My own attempt to making an AI, this is the first itteration where we look if it is raining right now or not. Kinda useless but useful for me learn.

## Getting data

The training data has been collected from KNMI via https://www.daggegevens.knmi.nl/klimatologie/uurgegevens (thanks William for the link!).

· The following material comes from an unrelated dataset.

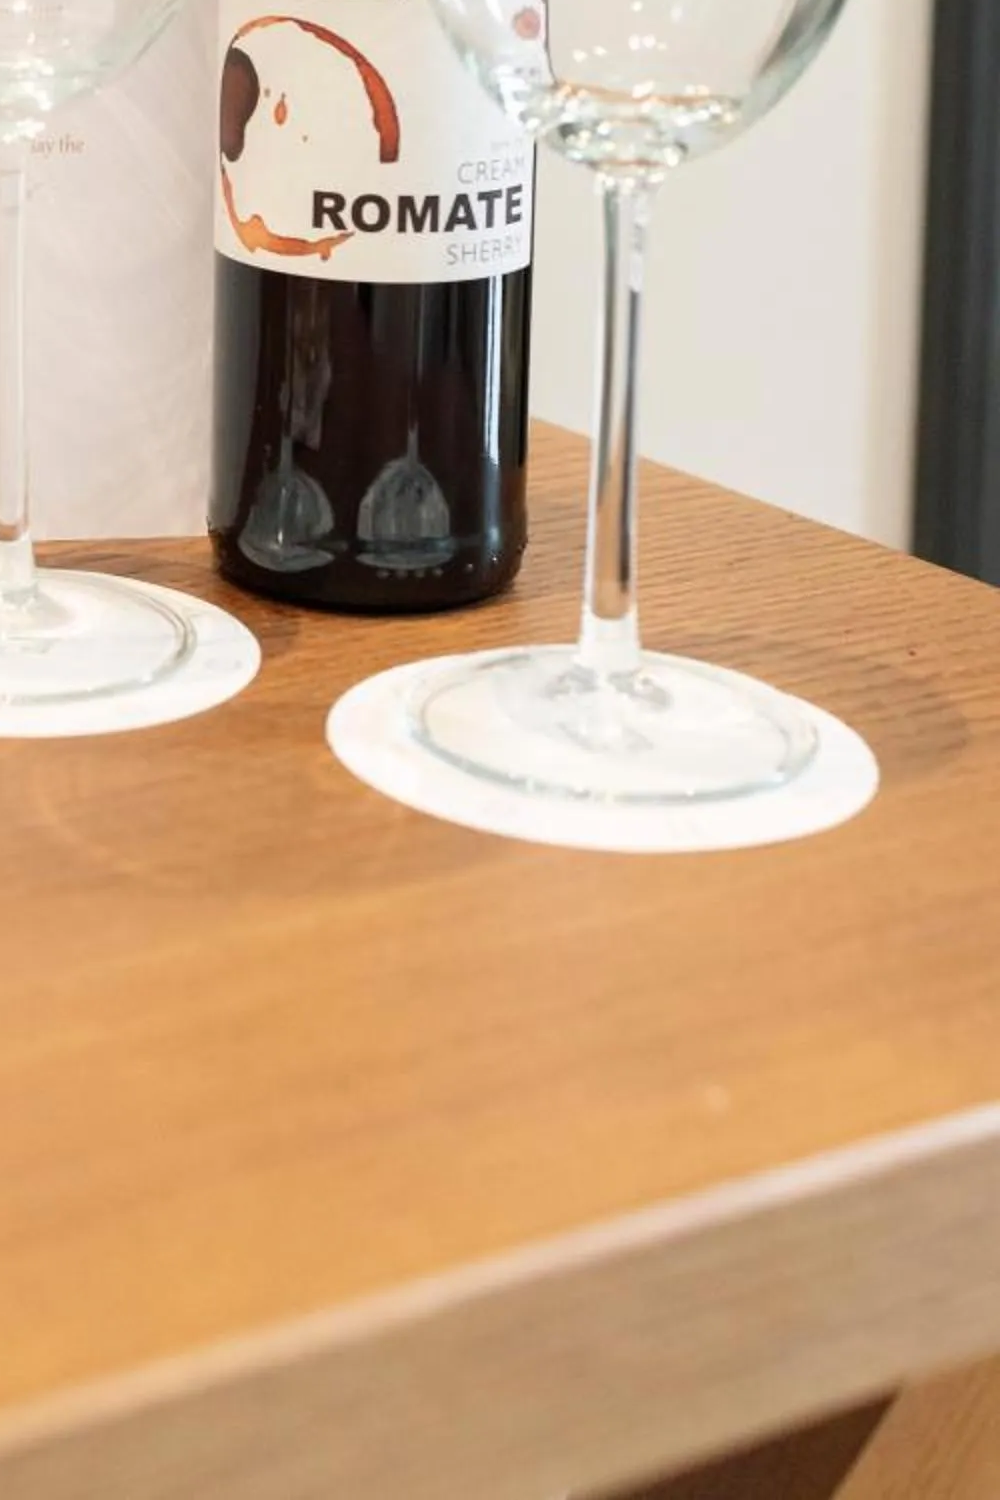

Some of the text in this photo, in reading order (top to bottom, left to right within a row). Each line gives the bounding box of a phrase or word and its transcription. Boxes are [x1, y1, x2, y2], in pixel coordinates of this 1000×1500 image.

[58, 133, 85, 154] the
[457, 156, 526, 184] CREAM
[311, 183, 523, 234] ROMATE

The raw data had some data missing in the rainfall column, the rows with missing values have been deleted.

In [None]:
import pandas as pd

In [None]:
raw_data = pd.read_csv('data/knmi.csv')

# Drop columns with missing values
raw_data.dropna(inplace=True)

# Replace rainfall column is right now a float (for no reason), lets change that to a int.
raw_data['rainfall'] = raw_data['rainfall'].astype(int);

### Looking data (can be skipped)

In [None]:
raw_data.head()

In [None]:
raw_data.describe().T

In [None]:
raw_data.info()

## Preping data

In [None]:
from sklearn.model_selection import train_test_split

In [None]:
features = raw_data.drop(['rainfall', 'station', 'precipitation_duration', 'precipitation_amount', 'date'], axis=1)
target = raw_data['rainfall']

features.head()

In [None]:
x_train, x_test, y_train, y_test = train_test_split(features, target, test_size=0.1, random_state=56)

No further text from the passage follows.